[[ RECORDS SHOWN open ]]

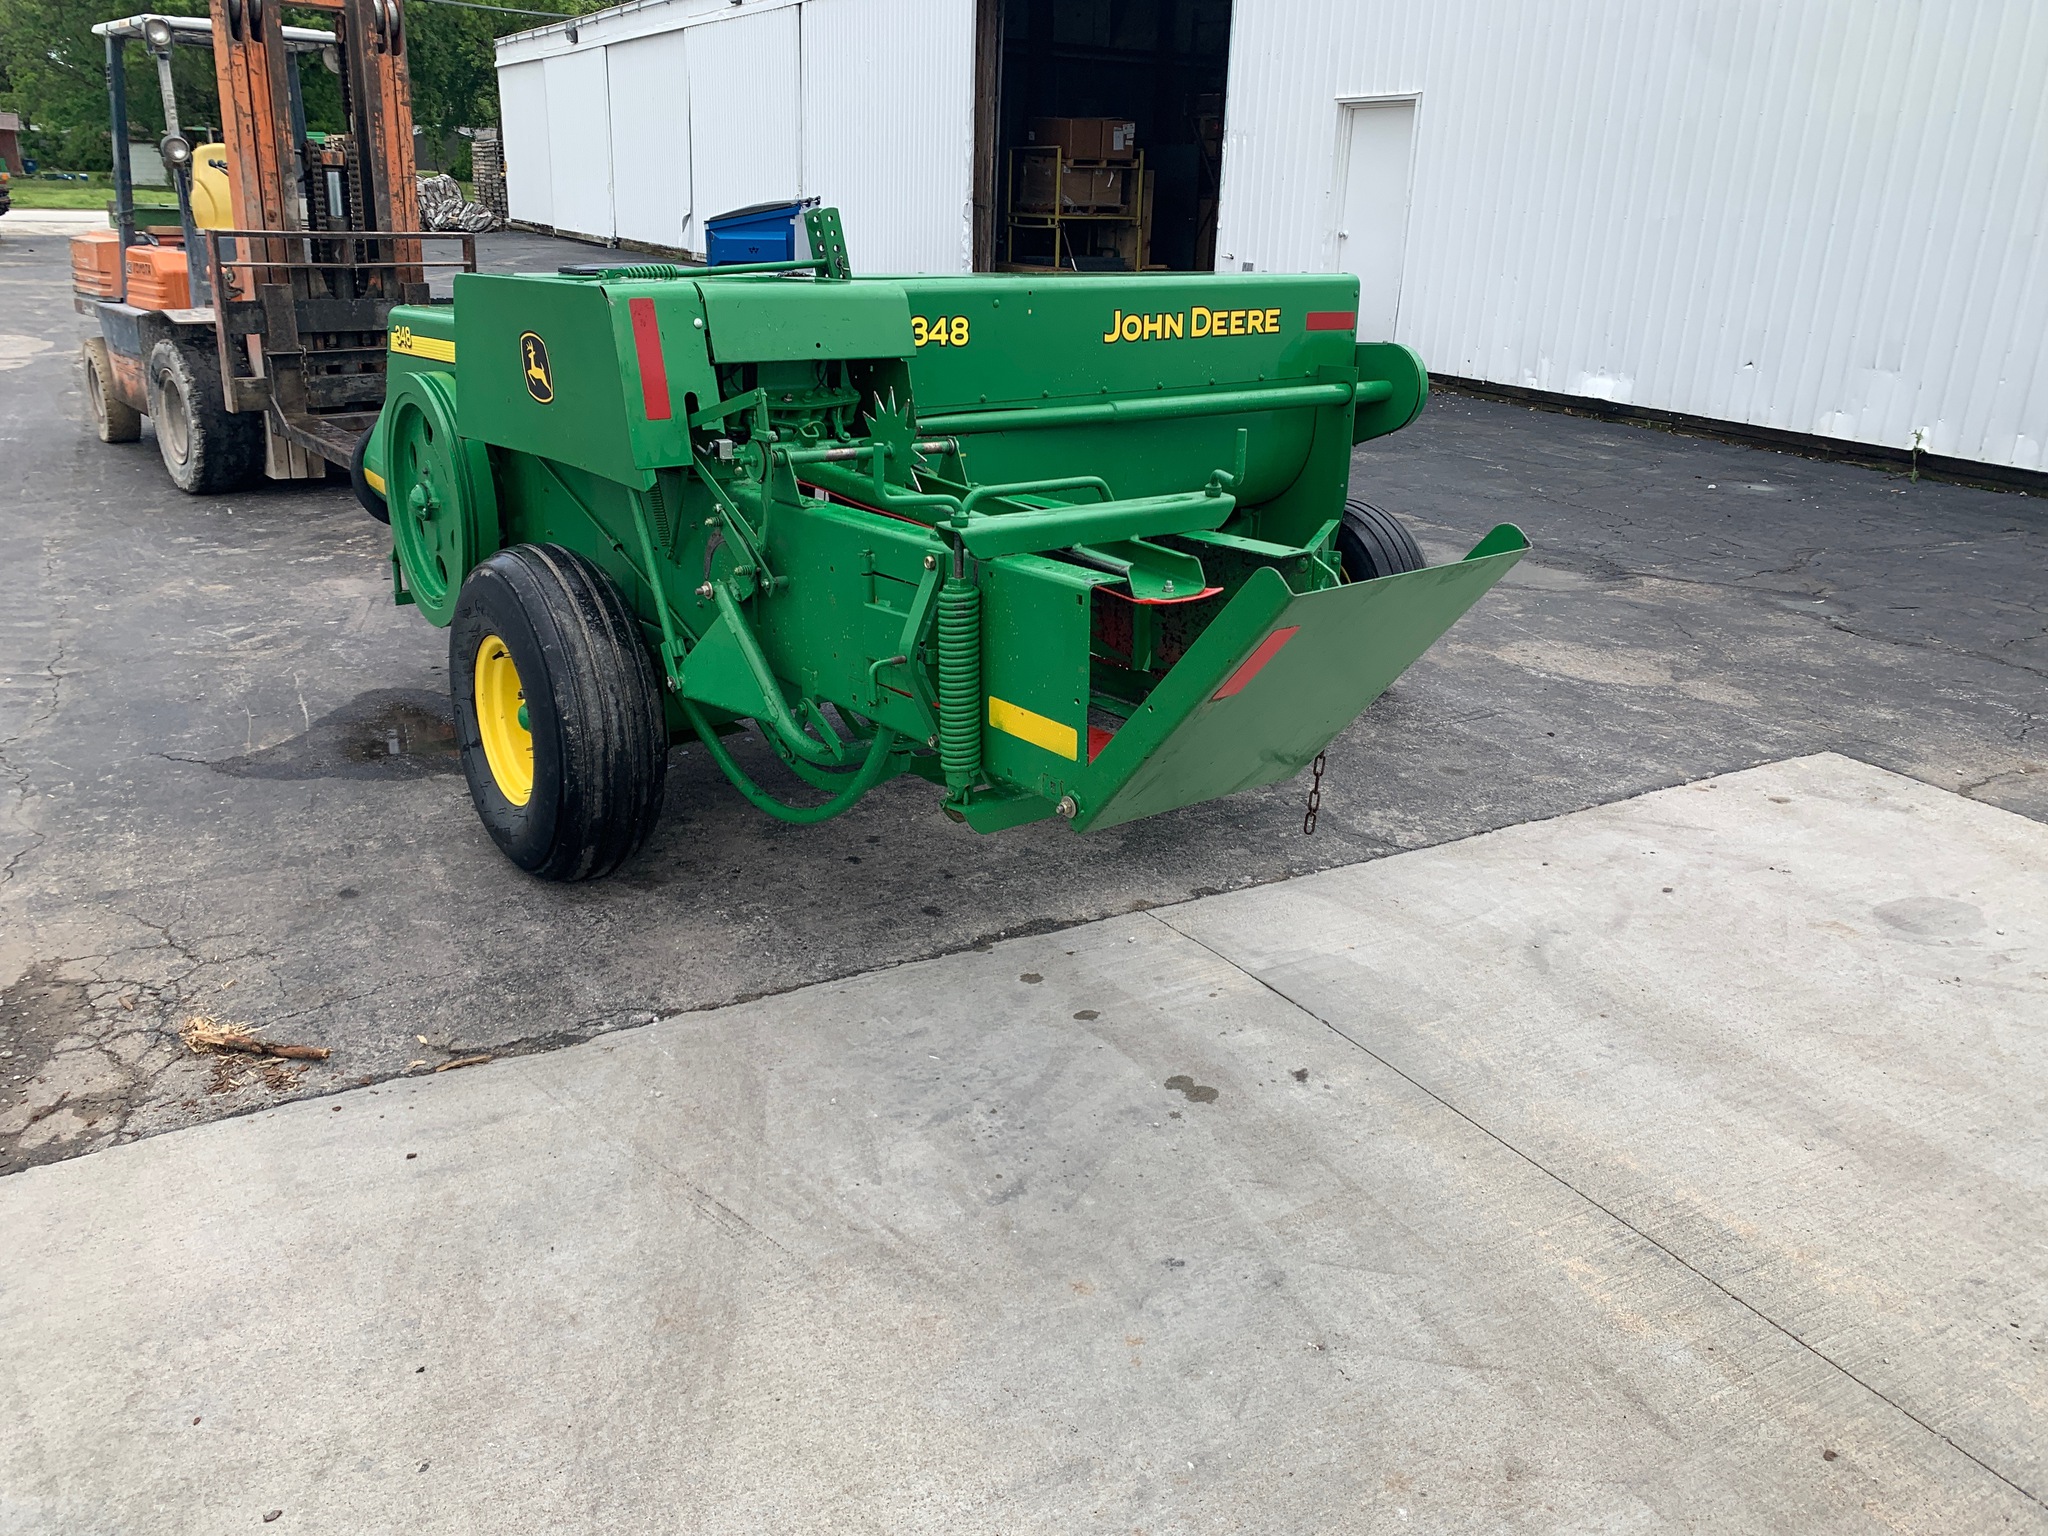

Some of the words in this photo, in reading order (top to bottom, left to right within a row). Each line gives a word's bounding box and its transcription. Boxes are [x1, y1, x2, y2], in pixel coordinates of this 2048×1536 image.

[394, 324, 413, 348] 348
[910, 314, 971, 348] 348
[1103, 308, 1184, 344] JOHN
[1189, 306, 1282, 338] DEERE
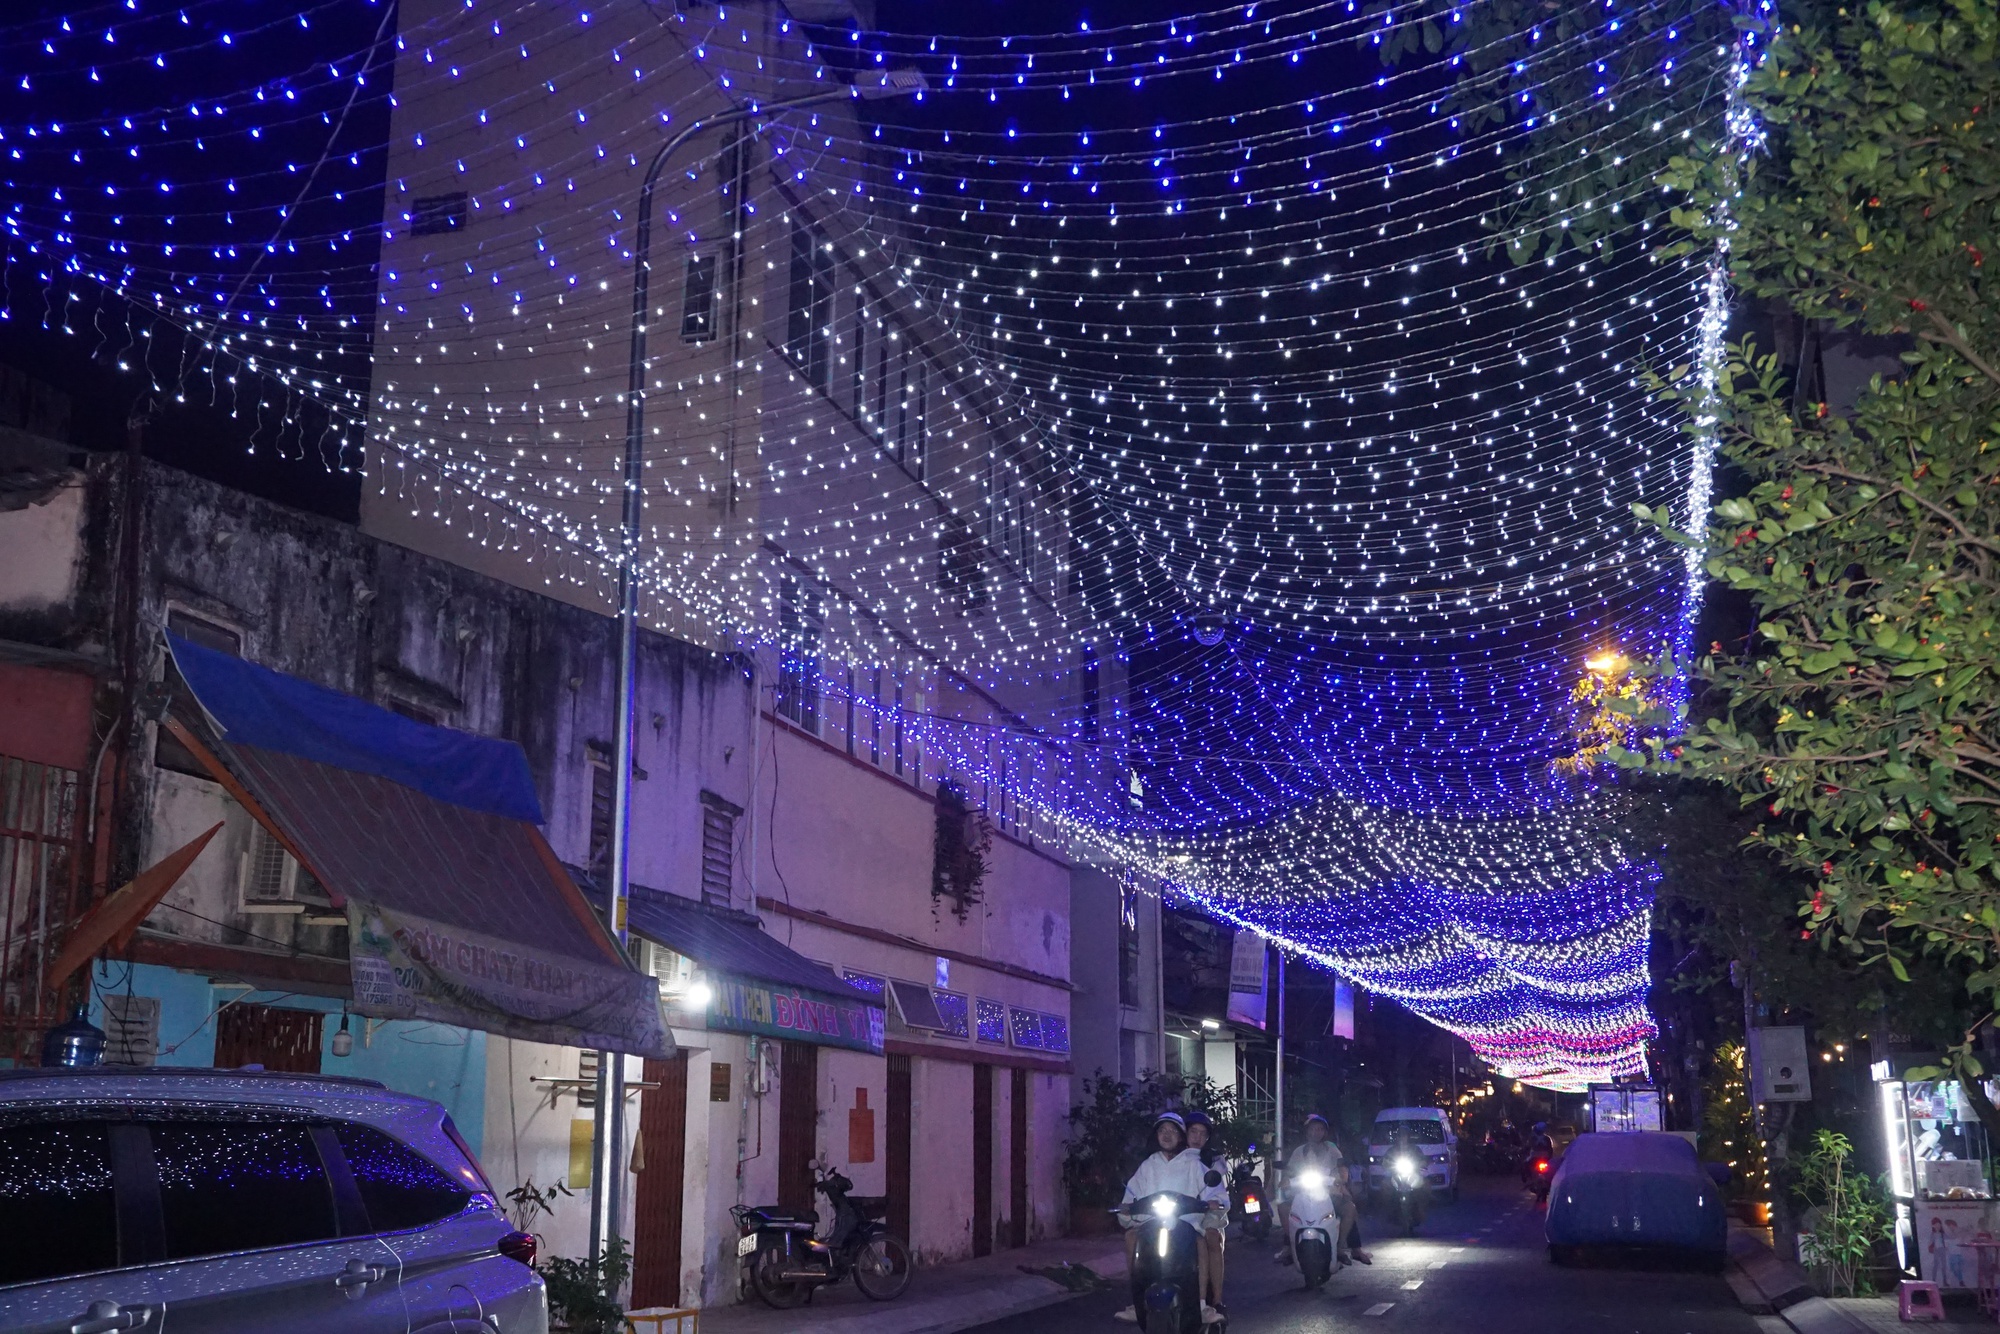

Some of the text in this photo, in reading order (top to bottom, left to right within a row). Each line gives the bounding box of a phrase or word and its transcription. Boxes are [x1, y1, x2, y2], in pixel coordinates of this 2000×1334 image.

[393, 925, 451, 971] CƠM
[456, 940, 518, 988] CHAY
[523, 957, 575, 999] KHAI
[394, 966, 424, 990] CƠM
[773, 988, 840, 1037] ĐÌNH
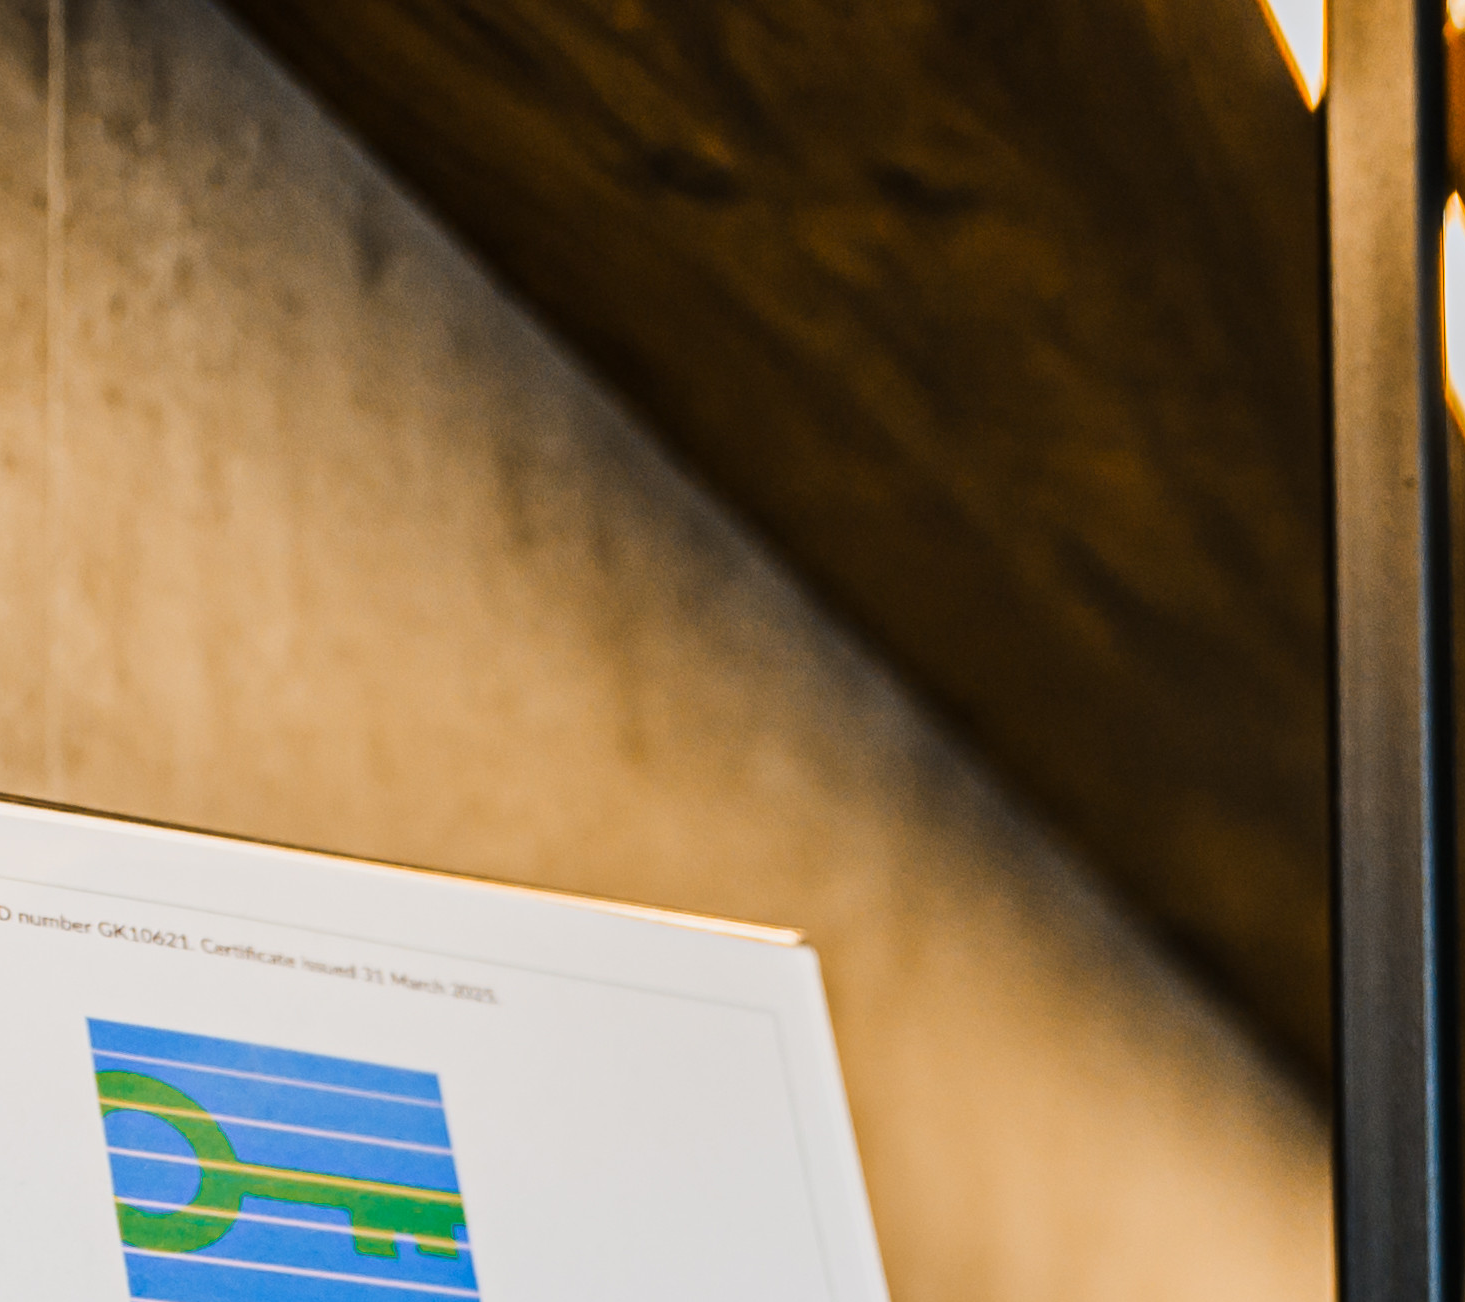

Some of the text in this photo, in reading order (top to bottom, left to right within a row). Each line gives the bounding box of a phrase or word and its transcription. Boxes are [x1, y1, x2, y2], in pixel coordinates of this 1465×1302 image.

[17, 911, 93, 935] number
[199, 937, 298, 969] Certificate
[389, 971, 446, 995] March

[[ RECORDS SHOWN closed ]]

• PROBLEM REQUIREMENTS:
Find "this 1465×1302 image." in the material above; set down exactly the line holding it and every line after it, through the last, and no others.

• RESULT OF THE EXERCISE:
Some of the text in this photo, in reading order (top to bottom, left to right within a row). Each line gives the bounding box of a phrase or word and its transcription. Boxes are [x1, y1, x2, y2], in pixel coordinates of this 1465×1302 image.

[17, 911, 93, 935] number
[199, 937, 298, 969] Certificate
[389, 971, 446, 995] March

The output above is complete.